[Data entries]
════════

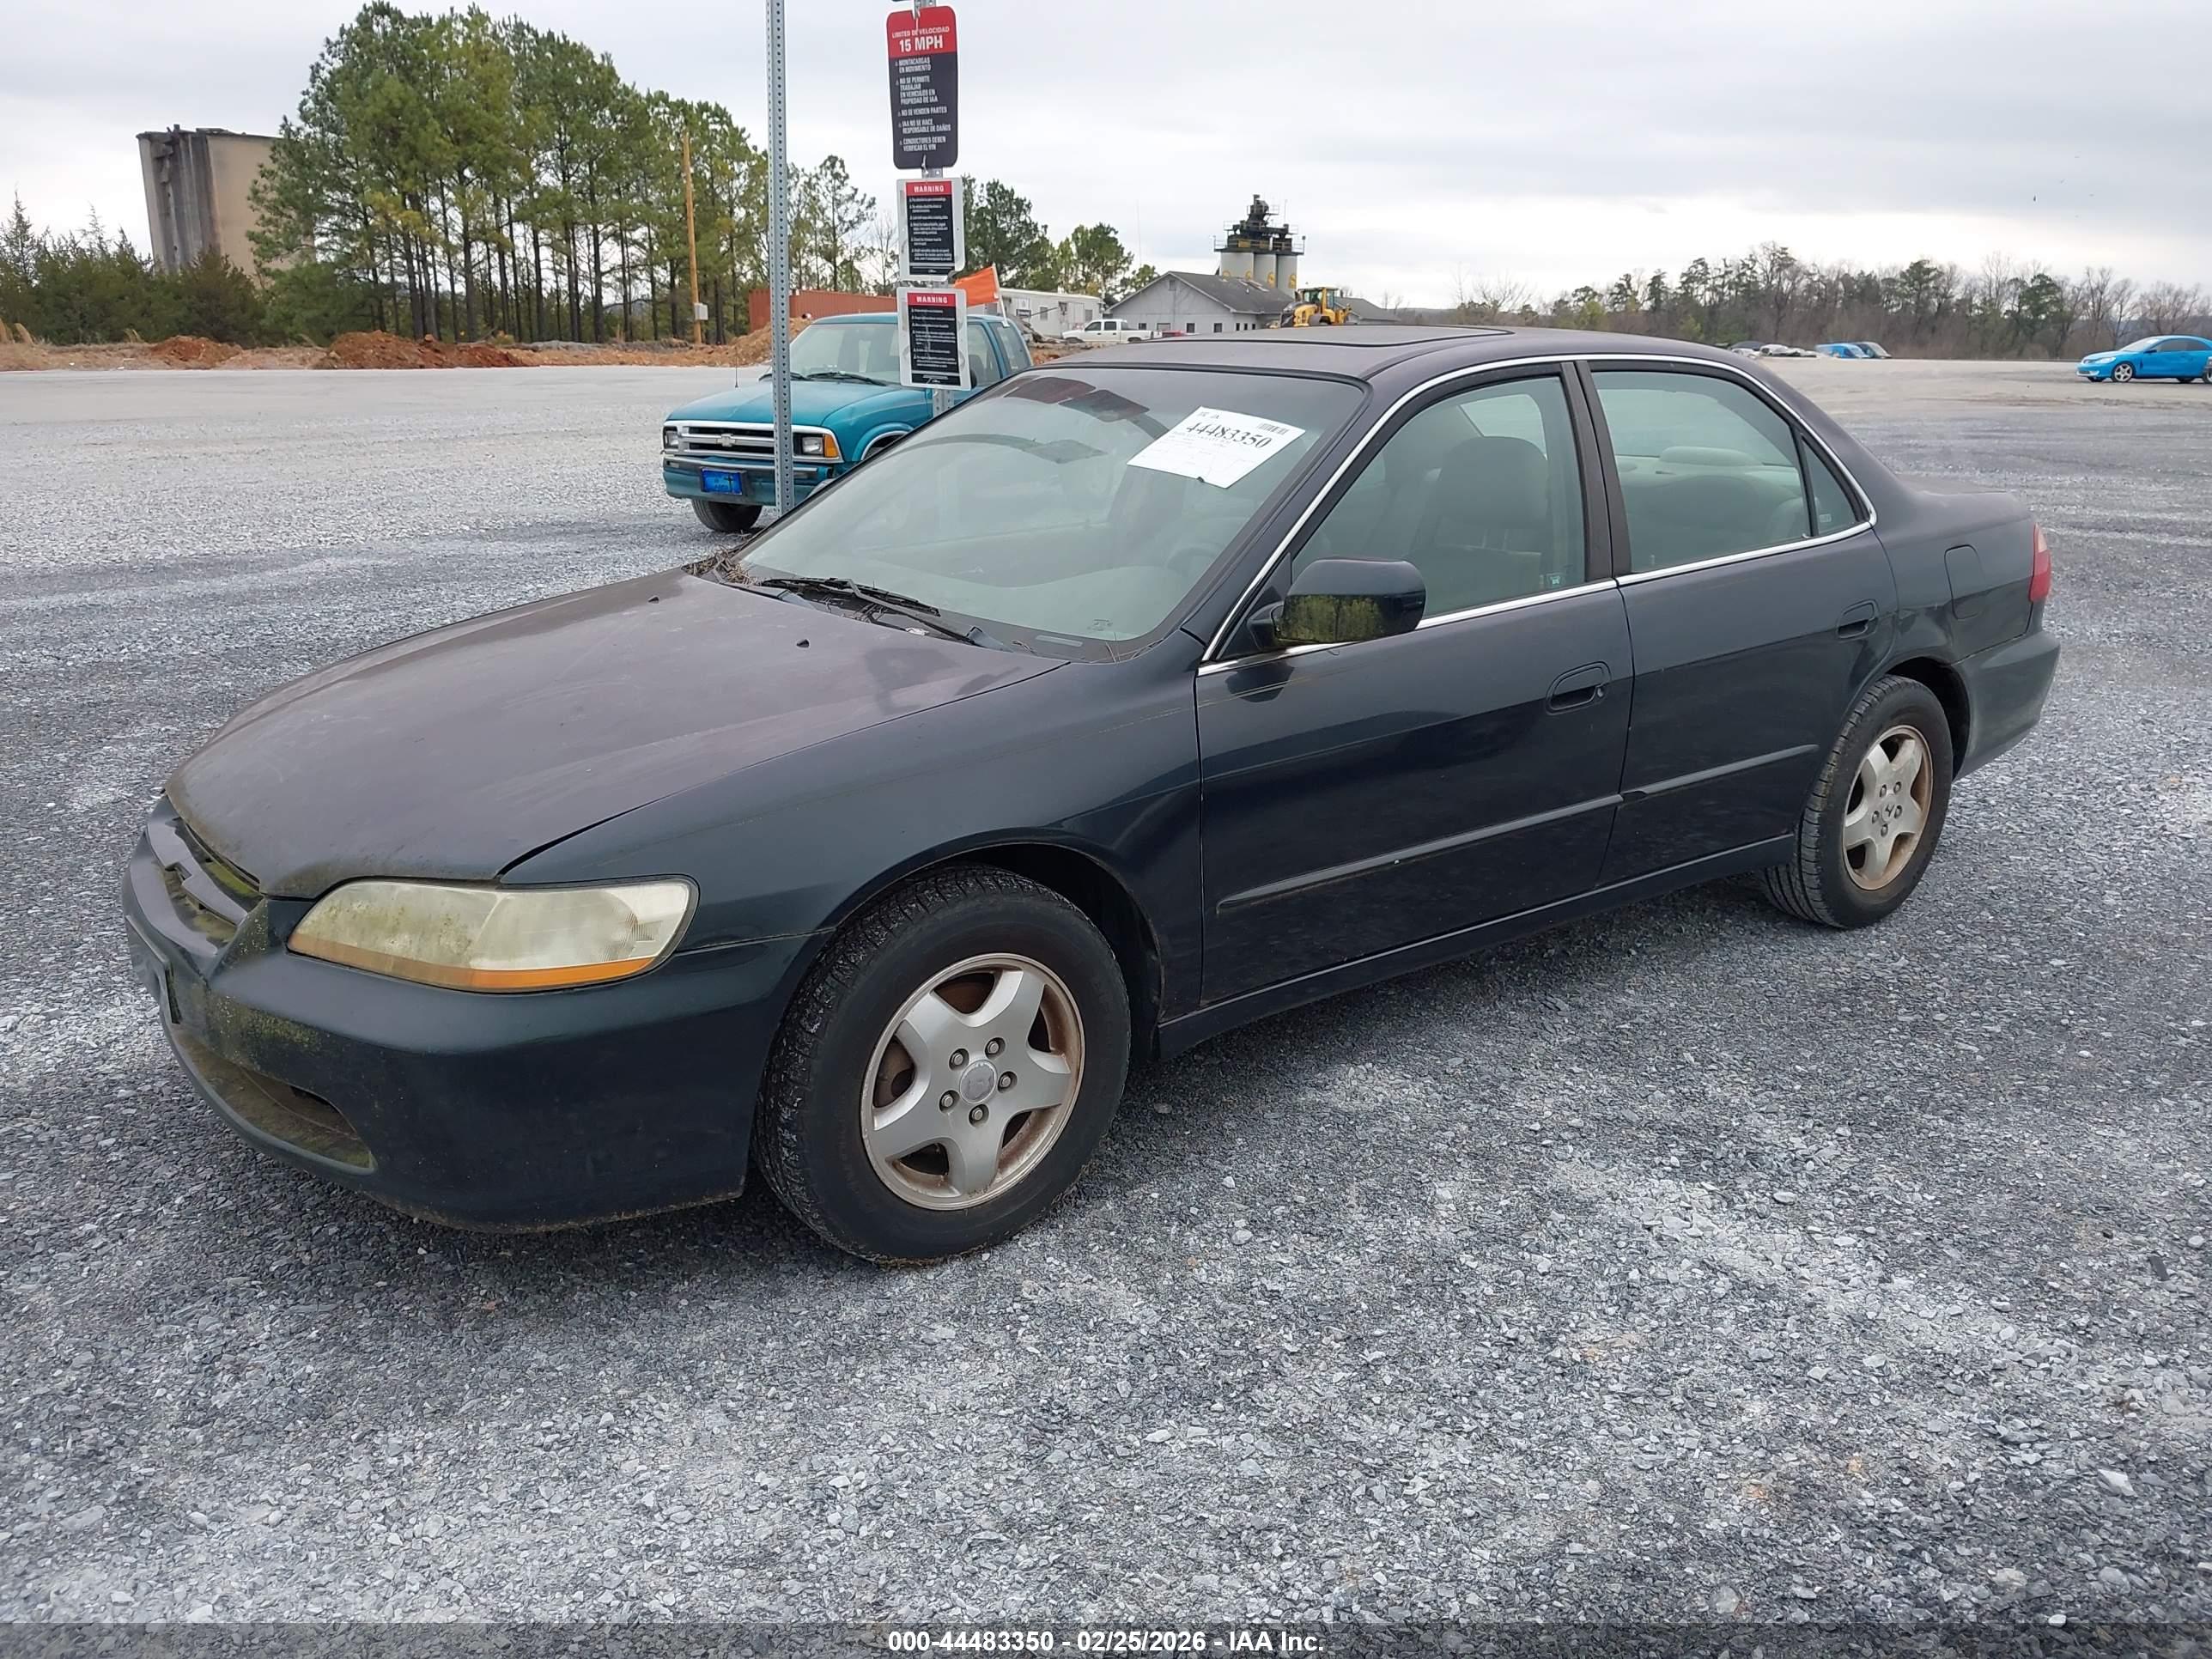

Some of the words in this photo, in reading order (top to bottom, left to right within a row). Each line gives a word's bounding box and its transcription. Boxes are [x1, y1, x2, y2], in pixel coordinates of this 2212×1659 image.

[919, 26, 950, 34] VELOCIDAD
[900, 38, 911, 52] 15
[915, 34, 943, 51] MPH
[916, 295, 948, 304] WARNING
[1186, 422, 1273, 448] 44483350

════════

Work task =>
Transcribe all the entries precisely. Do not include any picture.

Reply =>
Some of the words in this photo, in reading order (top to bottom, left to right within a row). Each line gives a word's bounding box and its transcription. Boxes are [x1, y1, x2, y2], in pixel coordinates of this 2212×1659 image.

[919, 26, 950, 34] VELOCIDAD
[900, 38, 911, 52] 15
[915, 34, 943, 51] MPH
[916, 295, 948, 304] WARNING
[1186, 422, 1273, 448] 44483350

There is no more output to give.